(Beginning of TASK INPUT)

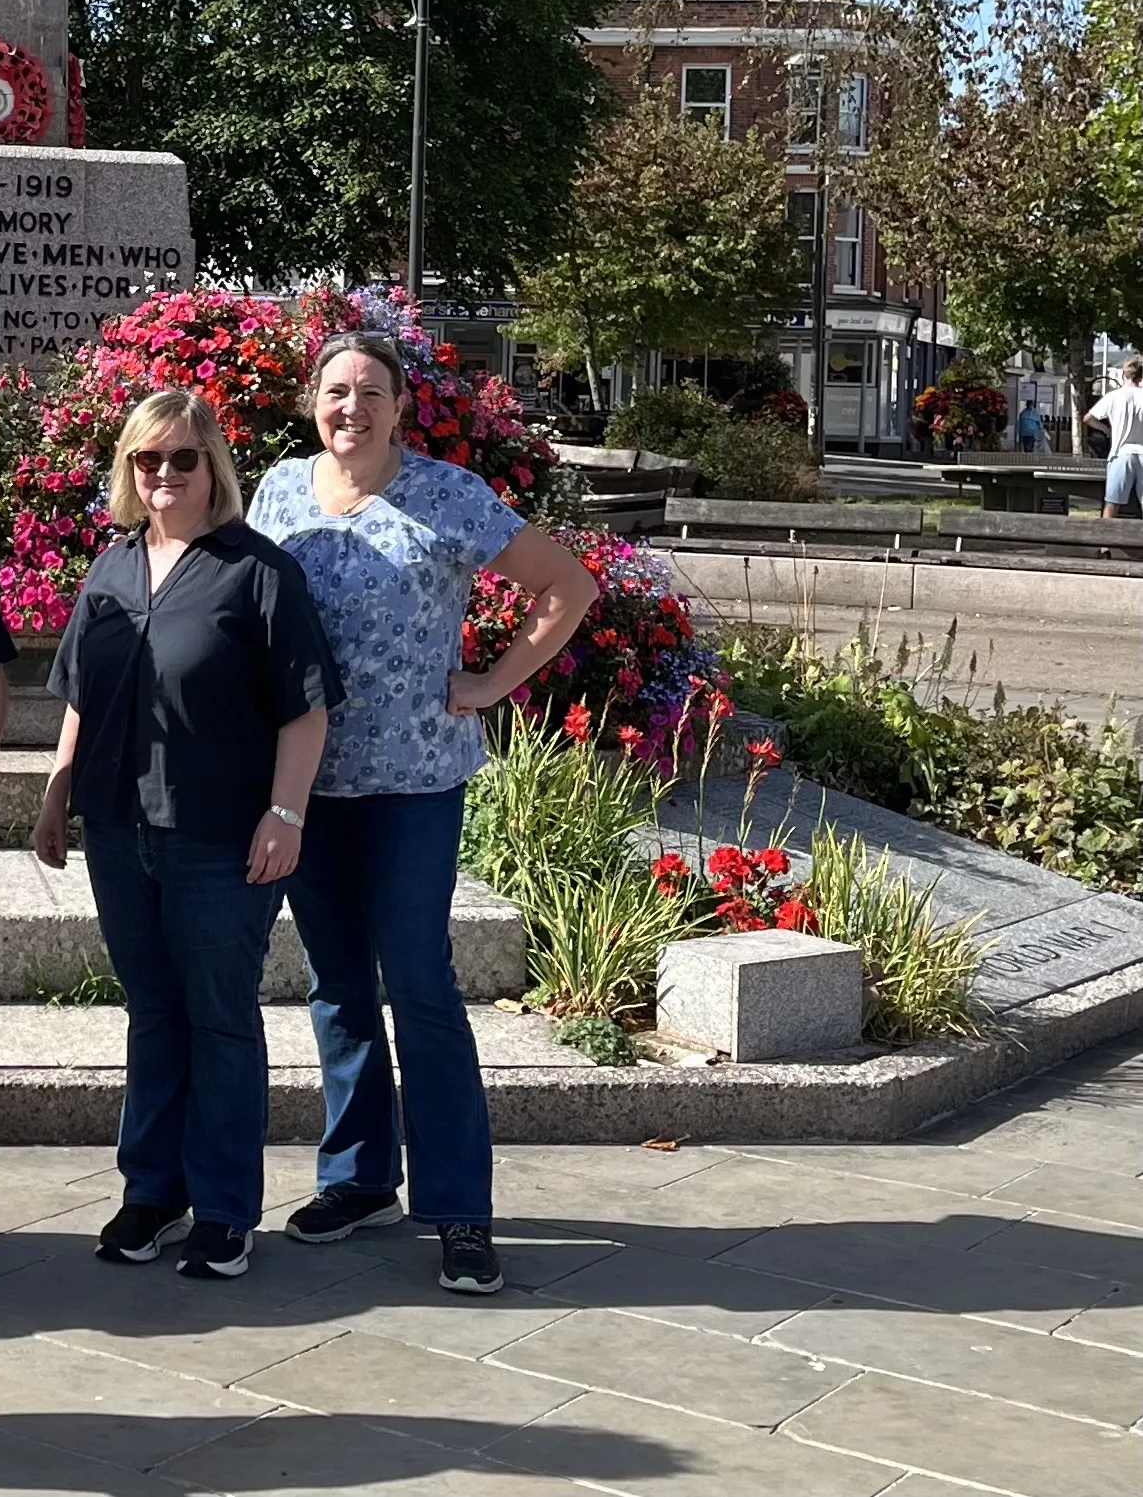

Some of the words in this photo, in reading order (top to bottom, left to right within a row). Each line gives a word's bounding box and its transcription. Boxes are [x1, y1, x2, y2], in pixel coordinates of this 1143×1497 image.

[17, 174, 73, 198] 1919
[43, 244, 103, 266] MEN
[120, 246, 181, 268] WHO
[82, 277, 130, 299] FOR
[49, 311, 81, 330] TO
[1039, 927, 1113, 951] WAR

(End of TASK INPUT)

TASK STATEMENT> Skipping all images, print the data above a second time exactly.

TASK OUTPUT>
Some of the words in this photo, in reading order (top to bottom, left to right within a row). Each line gives a word's bounding box and its transcription. Boxes are [x1, y1, x2, y2], in pixel coordinates of this 1143×1497 image.

[17, 174, 73, 198] 1919
[43, 244, 103, 266] MEN
[120, 246, 181, 268] WHO
[82, 277, 130, 299] FOR
[49, 311, 81, 330] TO
[1039, 927, 1113, 951] WAR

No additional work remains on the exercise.